Disclaimer : Les Indestructibles appartiennent à Pixar, pas à moi.

Soupçons

Tony Rydinger se considérait comme un garçon ouvert d'esprit. Il estimait que les gens ont le droit de mener la vie qui leur plait tant qu'ils ne dérangent personne. Il n'avait aucun problème avec les gens qui sortent un peu de l'ordinaire et il était toujours le premier à essayer de calmer le jeu quand quelqu'un critiquait autrui. Cependant, il y avait des moments où il trouvait sa copine Violet un peu étrange.

Prenons leur première sortie, par exemple. A l'occasion, Tony avait rencontré toute sa famille et les avait trouvés plutôt sympathiques. Seulement, quand ils s'étaient trouvés devant le cinéma, Violet l'avait carrément poussé hors de la voiture et lui avait dit qu'elle le rejoindrait plus tard. Quand elle l'avait retrouvé dans la salle alors que le film avait commencé, elle était décoiffée et sentait la fumée à plein nez.

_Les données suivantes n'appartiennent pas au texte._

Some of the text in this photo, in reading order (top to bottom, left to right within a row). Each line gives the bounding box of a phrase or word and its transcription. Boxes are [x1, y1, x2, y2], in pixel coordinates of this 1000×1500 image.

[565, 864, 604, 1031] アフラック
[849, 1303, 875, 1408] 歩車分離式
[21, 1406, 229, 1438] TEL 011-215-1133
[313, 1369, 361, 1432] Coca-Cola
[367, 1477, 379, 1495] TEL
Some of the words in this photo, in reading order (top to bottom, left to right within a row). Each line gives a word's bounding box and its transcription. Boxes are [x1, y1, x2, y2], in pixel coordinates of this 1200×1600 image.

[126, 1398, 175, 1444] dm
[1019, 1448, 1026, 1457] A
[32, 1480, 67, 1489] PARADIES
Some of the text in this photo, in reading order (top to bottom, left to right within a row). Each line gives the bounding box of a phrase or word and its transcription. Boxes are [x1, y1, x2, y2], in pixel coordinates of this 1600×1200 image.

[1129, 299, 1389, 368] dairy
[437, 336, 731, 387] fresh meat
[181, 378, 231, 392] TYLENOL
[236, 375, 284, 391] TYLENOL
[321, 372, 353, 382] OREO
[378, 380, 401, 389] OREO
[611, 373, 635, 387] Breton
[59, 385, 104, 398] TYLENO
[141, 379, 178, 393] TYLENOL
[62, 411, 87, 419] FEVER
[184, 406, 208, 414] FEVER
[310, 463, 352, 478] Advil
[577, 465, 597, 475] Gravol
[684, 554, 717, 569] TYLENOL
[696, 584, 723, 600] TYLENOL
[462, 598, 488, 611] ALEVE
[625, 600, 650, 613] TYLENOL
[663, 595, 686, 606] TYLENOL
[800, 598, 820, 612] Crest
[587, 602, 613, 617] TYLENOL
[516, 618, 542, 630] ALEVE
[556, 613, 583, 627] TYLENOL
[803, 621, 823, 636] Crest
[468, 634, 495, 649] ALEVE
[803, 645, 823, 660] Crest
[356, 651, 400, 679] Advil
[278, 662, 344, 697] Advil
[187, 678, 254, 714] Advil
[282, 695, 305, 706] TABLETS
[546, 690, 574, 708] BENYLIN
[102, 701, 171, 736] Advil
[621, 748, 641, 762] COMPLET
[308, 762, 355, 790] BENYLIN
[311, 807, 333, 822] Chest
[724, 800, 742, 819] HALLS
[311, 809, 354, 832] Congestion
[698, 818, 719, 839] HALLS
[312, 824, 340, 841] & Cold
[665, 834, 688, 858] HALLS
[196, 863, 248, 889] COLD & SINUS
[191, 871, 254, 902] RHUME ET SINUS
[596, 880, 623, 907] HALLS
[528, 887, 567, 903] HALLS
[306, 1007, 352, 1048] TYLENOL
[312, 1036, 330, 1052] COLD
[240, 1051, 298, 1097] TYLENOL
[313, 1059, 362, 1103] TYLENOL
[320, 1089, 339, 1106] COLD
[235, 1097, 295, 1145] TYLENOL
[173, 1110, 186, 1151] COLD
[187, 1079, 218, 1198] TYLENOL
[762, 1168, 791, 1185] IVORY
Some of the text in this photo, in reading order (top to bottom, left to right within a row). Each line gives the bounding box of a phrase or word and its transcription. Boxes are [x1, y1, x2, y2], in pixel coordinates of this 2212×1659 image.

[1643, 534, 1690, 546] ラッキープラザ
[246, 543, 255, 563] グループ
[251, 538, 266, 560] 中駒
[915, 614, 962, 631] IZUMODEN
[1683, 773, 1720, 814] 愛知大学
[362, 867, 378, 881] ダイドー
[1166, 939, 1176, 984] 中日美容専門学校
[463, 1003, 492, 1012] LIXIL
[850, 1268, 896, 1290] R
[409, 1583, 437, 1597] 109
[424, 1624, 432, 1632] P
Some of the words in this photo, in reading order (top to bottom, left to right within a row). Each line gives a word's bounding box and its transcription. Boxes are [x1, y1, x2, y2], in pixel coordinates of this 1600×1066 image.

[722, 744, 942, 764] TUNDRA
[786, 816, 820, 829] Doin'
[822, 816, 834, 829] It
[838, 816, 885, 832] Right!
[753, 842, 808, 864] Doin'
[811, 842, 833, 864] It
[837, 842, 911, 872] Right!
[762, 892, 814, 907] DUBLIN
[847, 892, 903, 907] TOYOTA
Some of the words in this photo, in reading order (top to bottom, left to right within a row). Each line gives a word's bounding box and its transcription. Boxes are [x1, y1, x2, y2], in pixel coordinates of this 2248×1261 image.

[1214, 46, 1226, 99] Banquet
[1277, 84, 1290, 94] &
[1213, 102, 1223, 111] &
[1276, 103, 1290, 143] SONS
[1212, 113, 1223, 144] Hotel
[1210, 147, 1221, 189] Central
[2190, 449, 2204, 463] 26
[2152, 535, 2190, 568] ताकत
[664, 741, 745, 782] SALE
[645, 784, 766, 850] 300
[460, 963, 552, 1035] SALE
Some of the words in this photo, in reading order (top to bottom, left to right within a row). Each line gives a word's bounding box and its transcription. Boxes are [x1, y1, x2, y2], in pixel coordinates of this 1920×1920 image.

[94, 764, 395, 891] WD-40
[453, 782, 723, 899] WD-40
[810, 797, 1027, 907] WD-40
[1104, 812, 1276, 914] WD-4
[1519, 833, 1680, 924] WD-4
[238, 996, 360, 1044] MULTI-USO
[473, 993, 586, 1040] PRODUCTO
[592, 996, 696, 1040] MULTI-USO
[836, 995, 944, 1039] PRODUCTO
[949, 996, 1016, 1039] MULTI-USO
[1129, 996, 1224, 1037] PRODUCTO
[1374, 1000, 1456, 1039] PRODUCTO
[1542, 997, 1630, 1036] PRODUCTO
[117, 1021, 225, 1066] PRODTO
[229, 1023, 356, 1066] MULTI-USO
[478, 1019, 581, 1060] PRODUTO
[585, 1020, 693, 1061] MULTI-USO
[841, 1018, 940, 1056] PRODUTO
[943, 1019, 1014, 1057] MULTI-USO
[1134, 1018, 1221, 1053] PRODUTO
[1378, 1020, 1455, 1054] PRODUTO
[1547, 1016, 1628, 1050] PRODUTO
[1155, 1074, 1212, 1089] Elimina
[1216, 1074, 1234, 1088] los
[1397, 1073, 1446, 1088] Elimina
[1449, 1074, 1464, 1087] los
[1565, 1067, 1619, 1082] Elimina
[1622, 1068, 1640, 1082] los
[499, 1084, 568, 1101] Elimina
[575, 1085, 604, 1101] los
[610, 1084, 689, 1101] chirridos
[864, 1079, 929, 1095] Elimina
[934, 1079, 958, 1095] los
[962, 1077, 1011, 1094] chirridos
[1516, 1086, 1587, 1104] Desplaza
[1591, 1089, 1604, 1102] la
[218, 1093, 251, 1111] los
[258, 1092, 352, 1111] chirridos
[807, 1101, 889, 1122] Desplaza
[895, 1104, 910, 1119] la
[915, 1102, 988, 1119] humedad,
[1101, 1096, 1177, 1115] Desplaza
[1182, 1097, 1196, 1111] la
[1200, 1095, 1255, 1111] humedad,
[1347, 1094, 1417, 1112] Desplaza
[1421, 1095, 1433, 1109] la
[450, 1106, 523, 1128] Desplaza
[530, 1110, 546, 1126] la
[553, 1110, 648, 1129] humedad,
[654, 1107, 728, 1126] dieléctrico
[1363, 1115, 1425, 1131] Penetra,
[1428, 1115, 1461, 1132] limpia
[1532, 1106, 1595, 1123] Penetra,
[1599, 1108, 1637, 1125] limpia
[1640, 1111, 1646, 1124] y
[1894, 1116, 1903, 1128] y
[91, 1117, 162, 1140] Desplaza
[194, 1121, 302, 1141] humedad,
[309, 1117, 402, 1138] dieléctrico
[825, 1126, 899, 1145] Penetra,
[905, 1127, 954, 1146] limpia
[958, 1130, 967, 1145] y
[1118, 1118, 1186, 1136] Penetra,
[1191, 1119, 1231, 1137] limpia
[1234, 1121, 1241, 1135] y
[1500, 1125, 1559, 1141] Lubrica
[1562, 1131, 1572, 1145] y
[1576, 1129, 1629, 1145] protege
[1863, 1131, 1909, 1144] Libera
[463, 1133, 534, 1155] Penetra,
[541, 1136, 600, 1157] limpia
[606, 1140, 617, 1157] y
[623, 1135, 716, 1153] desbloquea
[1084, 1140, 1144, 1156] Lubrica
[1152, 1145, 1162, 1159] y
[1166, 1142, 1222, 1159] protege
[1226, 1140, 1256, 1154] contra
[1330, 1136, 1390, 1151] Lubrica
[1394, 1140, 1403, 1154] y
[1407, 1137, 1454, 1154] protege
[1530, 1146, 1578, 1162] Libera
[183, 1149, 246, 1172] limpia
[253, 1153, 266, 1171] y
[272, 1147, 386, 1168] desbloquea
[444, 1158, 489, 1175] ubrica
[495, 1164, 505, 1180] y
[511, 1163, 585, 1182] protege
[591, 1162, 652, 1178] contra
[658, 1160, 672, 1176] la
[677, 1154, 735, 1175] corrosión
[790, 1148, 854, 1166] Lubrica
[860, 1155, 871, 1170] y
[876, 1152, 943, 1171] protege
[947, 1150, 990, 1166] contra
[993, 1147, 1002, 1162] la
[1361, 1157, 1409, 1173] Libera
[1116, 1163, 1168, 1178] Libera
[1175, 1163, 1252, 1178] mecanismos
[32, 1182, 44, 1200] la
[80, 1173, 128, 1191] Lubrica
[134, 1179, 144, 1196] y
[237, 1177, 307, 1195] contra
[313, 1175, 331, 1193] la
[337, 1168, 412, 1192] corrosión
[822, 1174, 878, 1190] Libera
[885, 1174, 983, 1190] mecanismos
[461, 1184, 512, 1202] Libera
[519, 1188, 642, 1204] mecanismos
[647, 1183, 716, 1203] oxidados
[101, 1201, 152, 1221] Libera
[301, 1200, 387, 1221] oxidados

Tony avait essayé d'oublier l'incident mais des dizaines de petits détails s'étaient accumulés, à tel point qu'il ne pouvait plus ignorer le problème. Violet arrivait en retard à leurs rendez-vous, elle inventait des histoires ridicules quand il lui demandait si quelque chose n'allait pas, elle et ses parents cessaient brusquement de se parler en public dès que quelqu'un s'approchait de leur groupe… Tout cela le mettait profondément mal à l'aise. Violet était une fille géniale, il tenait énormément à elle et il ne savait pas comment aborder la question. Comment faire ?


Un jour, la prof d'histoire leur donna un exposé à faire ensemble et ils décidèrent de travailler chez elle. Ils seraient seuls à la maison car les parents et les petits frères étaient occupés ailleurs. Tony décida que c'était le moment d'aborder le problème.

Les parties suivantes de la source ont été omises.